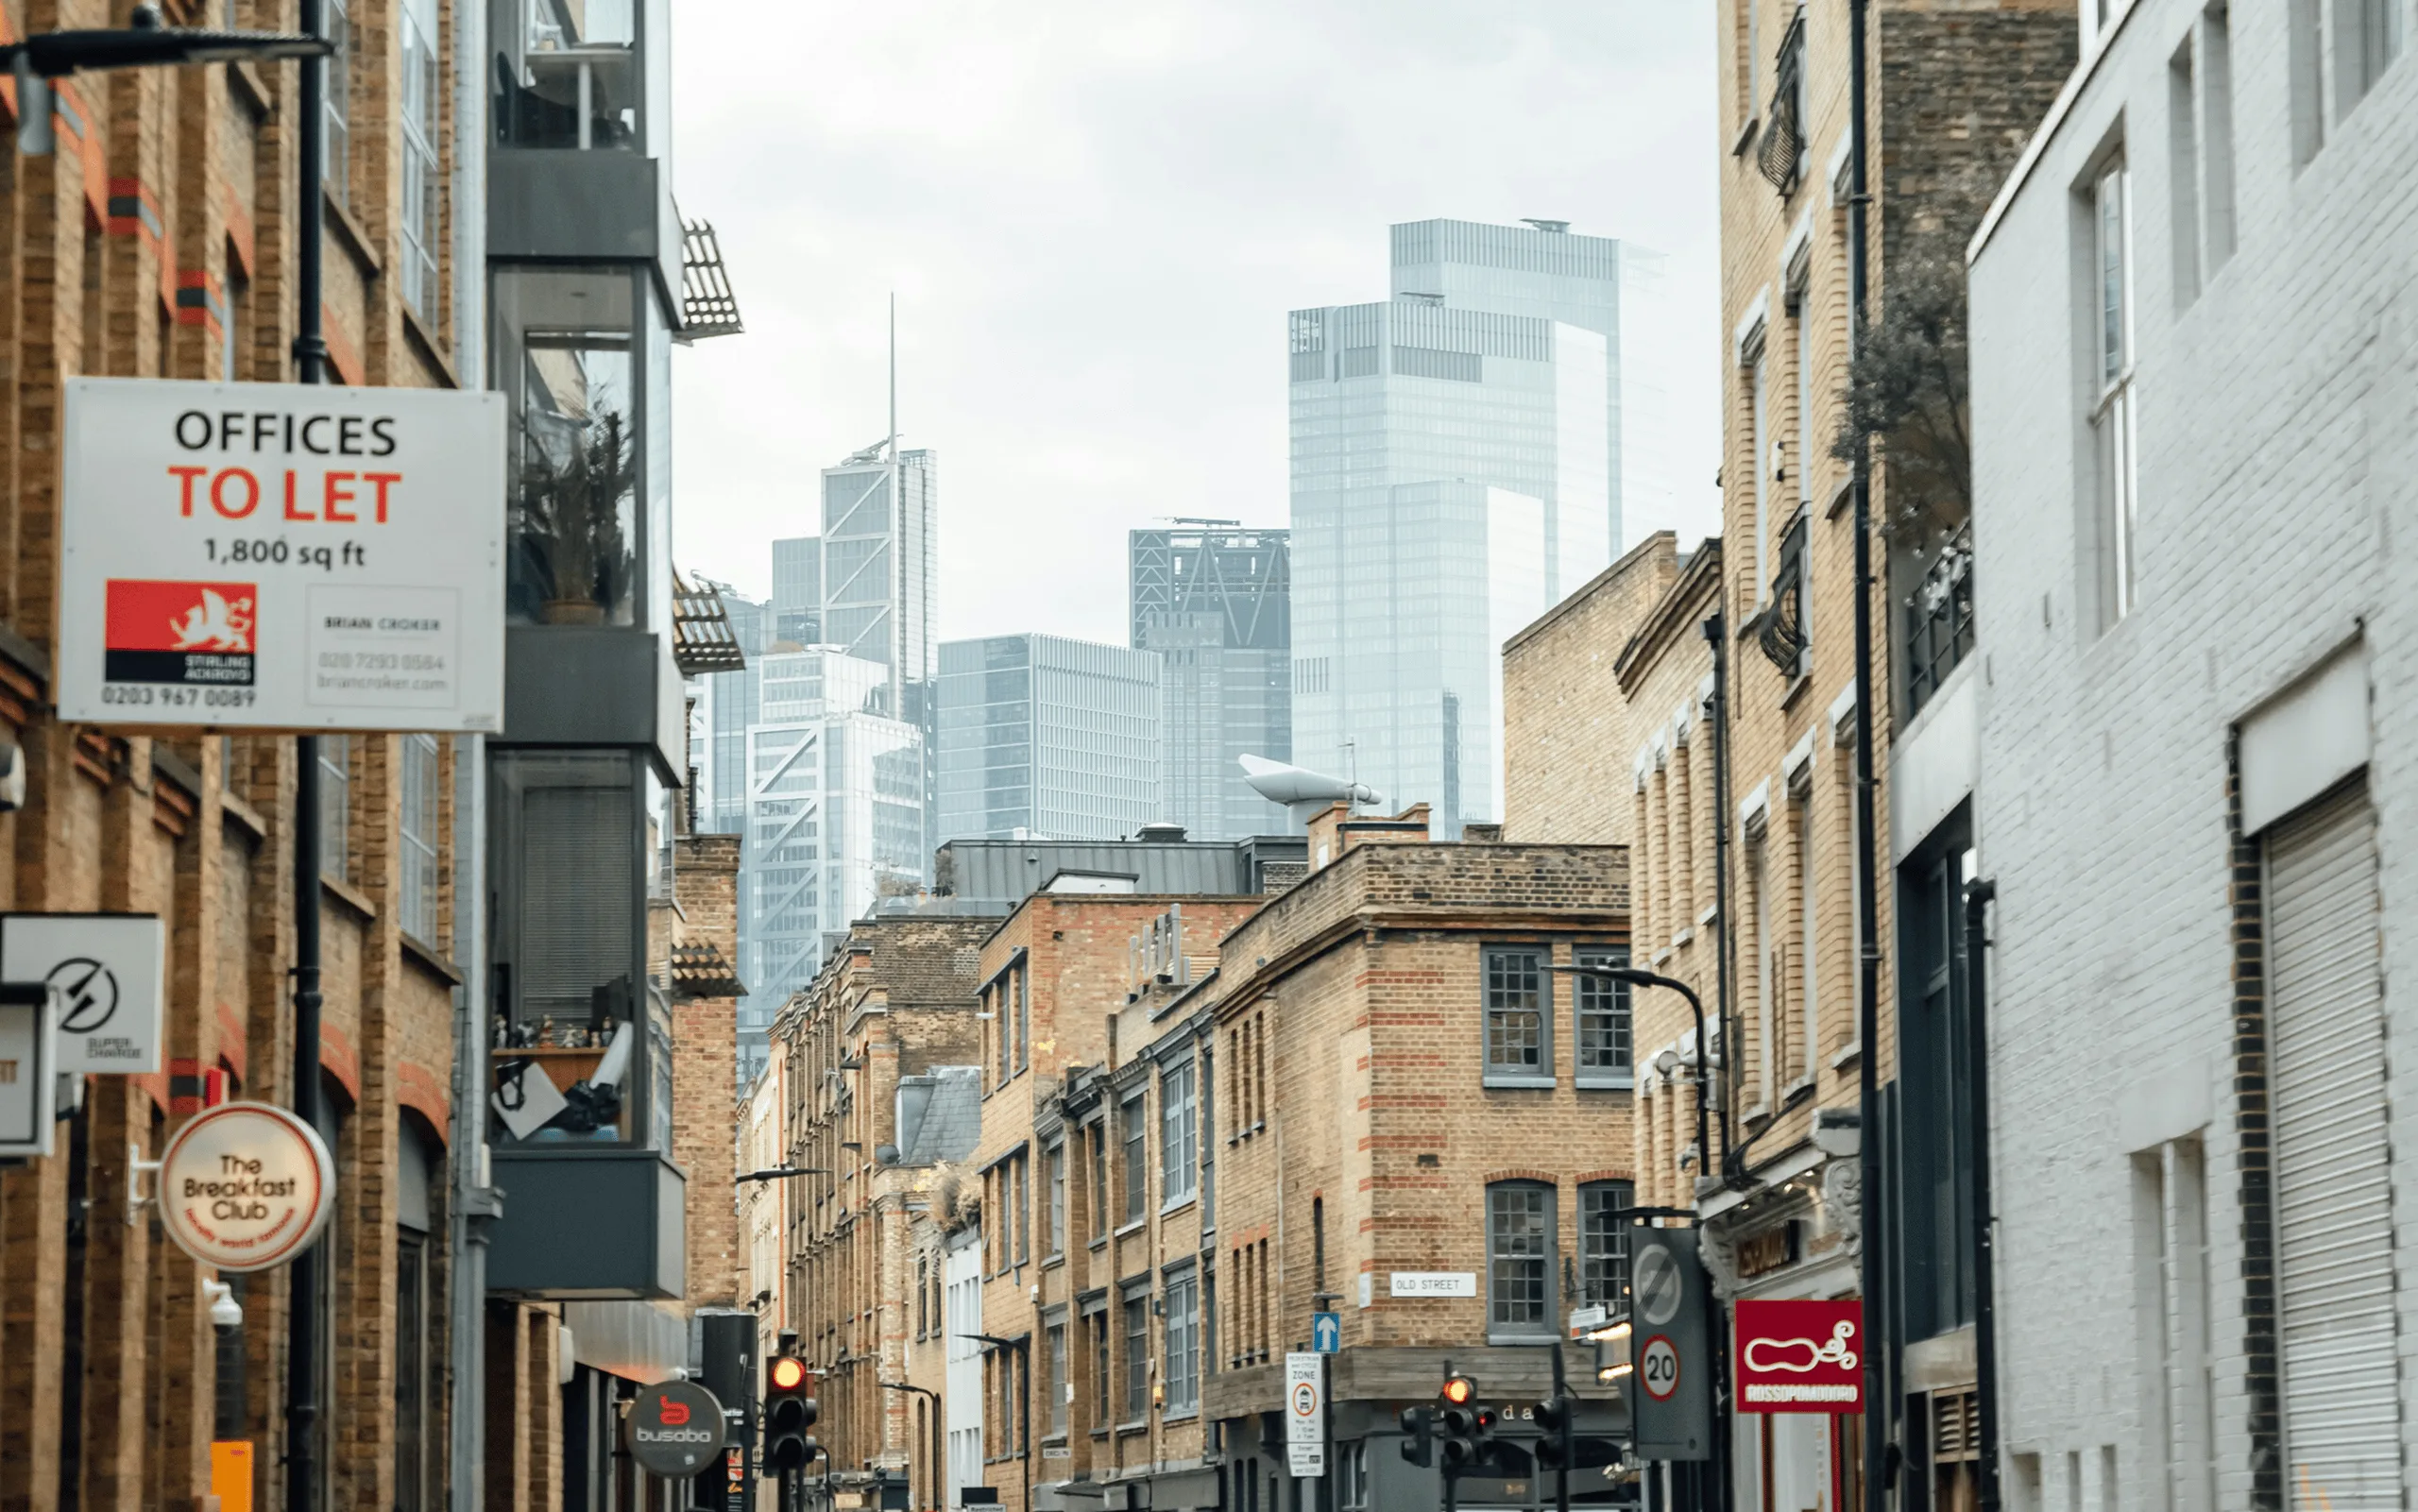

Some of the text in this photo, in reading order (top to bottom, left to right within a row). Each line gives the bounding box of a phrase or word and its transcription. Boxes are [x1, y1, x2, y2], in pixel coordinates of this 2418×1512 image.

[175, 410, 397, 457] OFFICES
[167, 466, 402, 524] TO LET
[204, 537, 366, 571] 1,800 sq ft
[324, 617, 372, 629] BRIAN
[184, 654, 251, 668] STIRLING
[101, 686, 154, 705] 0203
[160, 688, 199, 705] 967
[220, 1154, 262, 1175] The
[184, 1177, 296, 1198] Breakfast
[212, 1199, 269, 1220] Club
[1396, 1279, 1460, 1290] OLD STREET
[1292, 1370, 1316, 1380] ZONE
[1646, 1354, 1676, 1382] 20
[1745, 1384, 1858, 1402] ROSSOPOMODORO
[636, 1427, 712, 1443] busaba
——————————
## Task prompt
The records, exactly as written but without images, should be returned.

## Reply
Some of the text in this photo, in reading order (top to bottom, left to right within a row). Each line gives the bounding box of a phrase or word and its transcription. Boxes are [x1, y1, x2, y2], in pixel coordinates of this 2418×1512 image.

[175, 410, 397, 457] OFFICES
[167, 466, 402, 524] TO LET
[204, 537, 366, 571] 1,800 sq ft
[324, 617, 372, 629] BRIAN
[184, 654, 251, 668] STIRLING
[101, 686, 154, 705] 0203
[160, 688, 199, 705] 967
[220, 1154, 262, 1175] The
[184, 1177, 296, 1198] Breakfast
[212, 1199, 269, 1220] Club
[1396, 1279, 1460, 1290] OLD STREET
[1292, 1370, 1316, 1380] ZONE
[1646, 1354, 1676, 1382] 20
[1745, 1384, 1858, 1402] ROSSOPOMODORO
[636, 1427, 712, 1443] busaba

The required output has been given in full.